Give back the lines below exactly, but do not include any pictures.

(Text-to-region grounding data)
•••
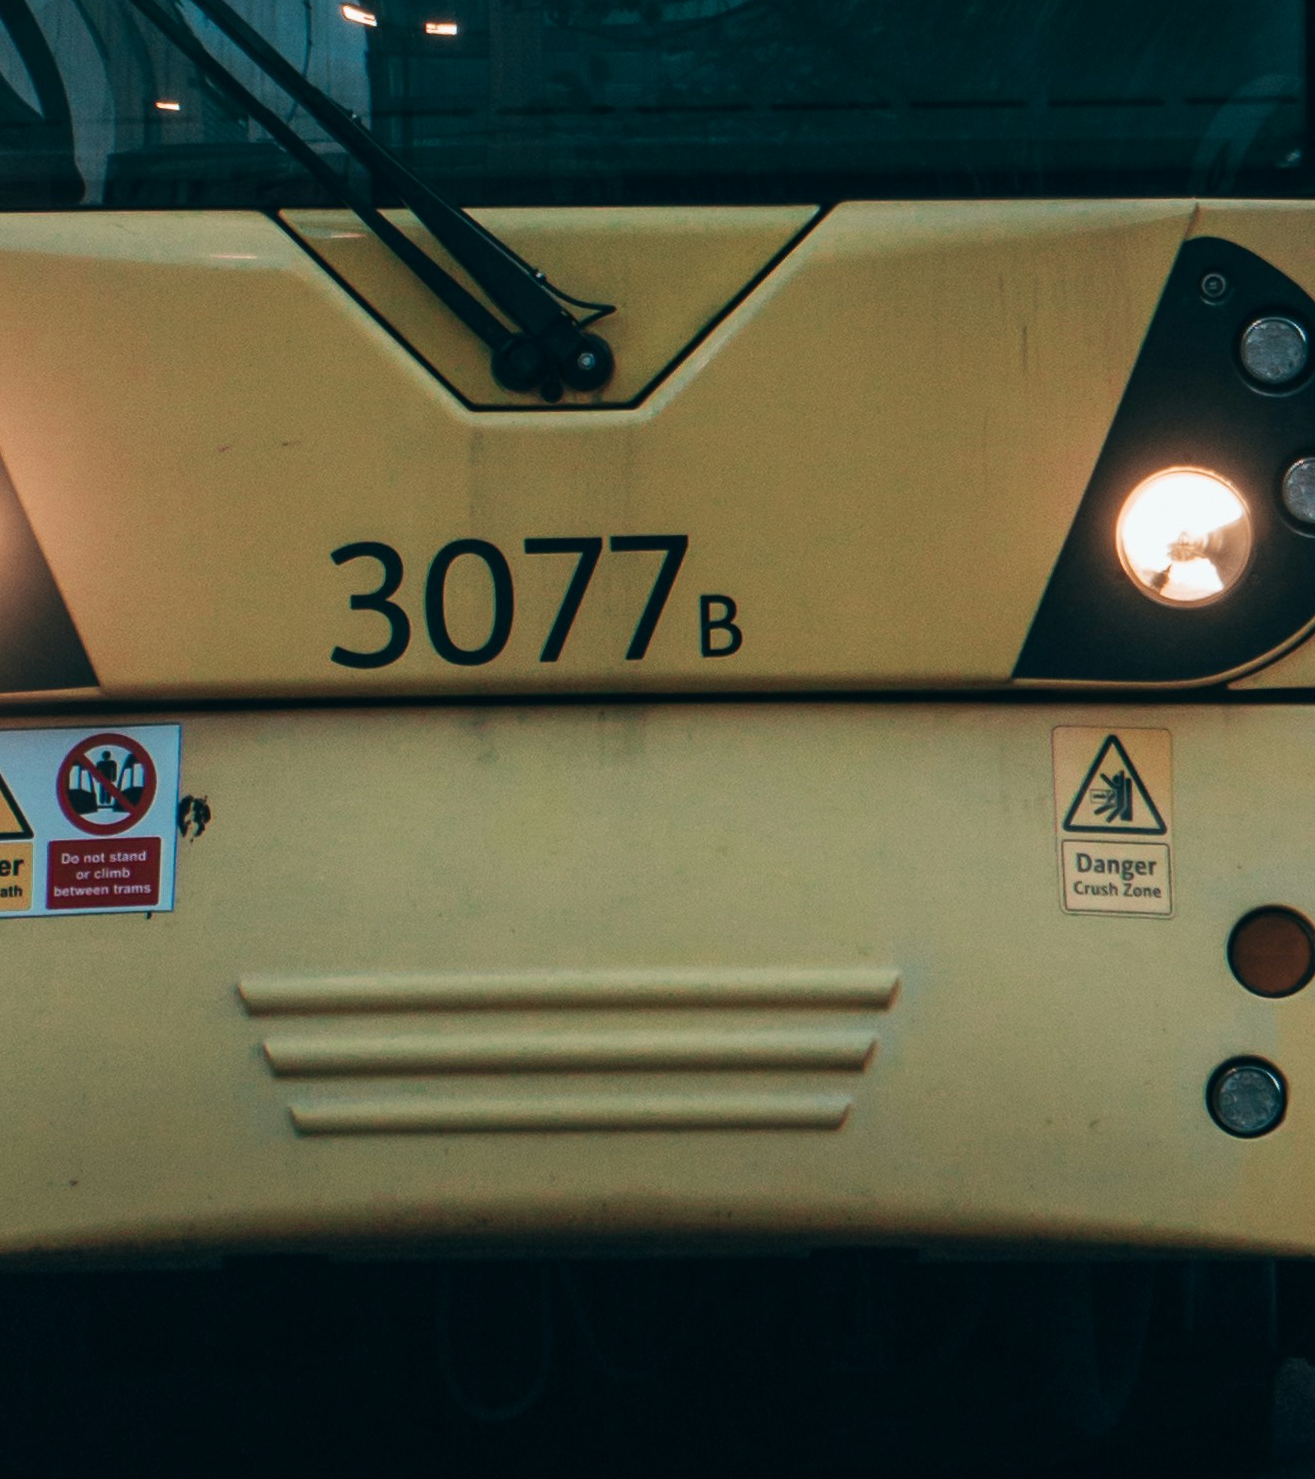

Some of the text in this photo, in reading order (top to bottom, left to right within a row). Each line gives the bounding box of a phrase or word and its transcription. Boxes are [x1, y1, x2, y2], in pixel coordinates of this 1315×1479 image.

[61, 850, 147, 864] Do not stand
[75, 867, 130, 880] or climb
[1075, 852, 1157, 881] Danger
[53, 884, 152, 897] between trams
[1073, 880, 1162, 898] Crush Zone
•••
• Exercise result
Some of the text in this photo, in reading order (top to bottom, left to right within a row). Each line gives the bounding box of a phrase or word and its transcription. Boxes are [x1, y1, x2, y2], in pixel coordinates of this 1315×1479 image.

[61, 850, 147, 864] Do not stand
[75, 867, 130, 880] or climb
[1075, 852, 1157, 881] Danger
[53, 884, 152, 897] between trams
[1073, 880, 1162, 898] Crush Zone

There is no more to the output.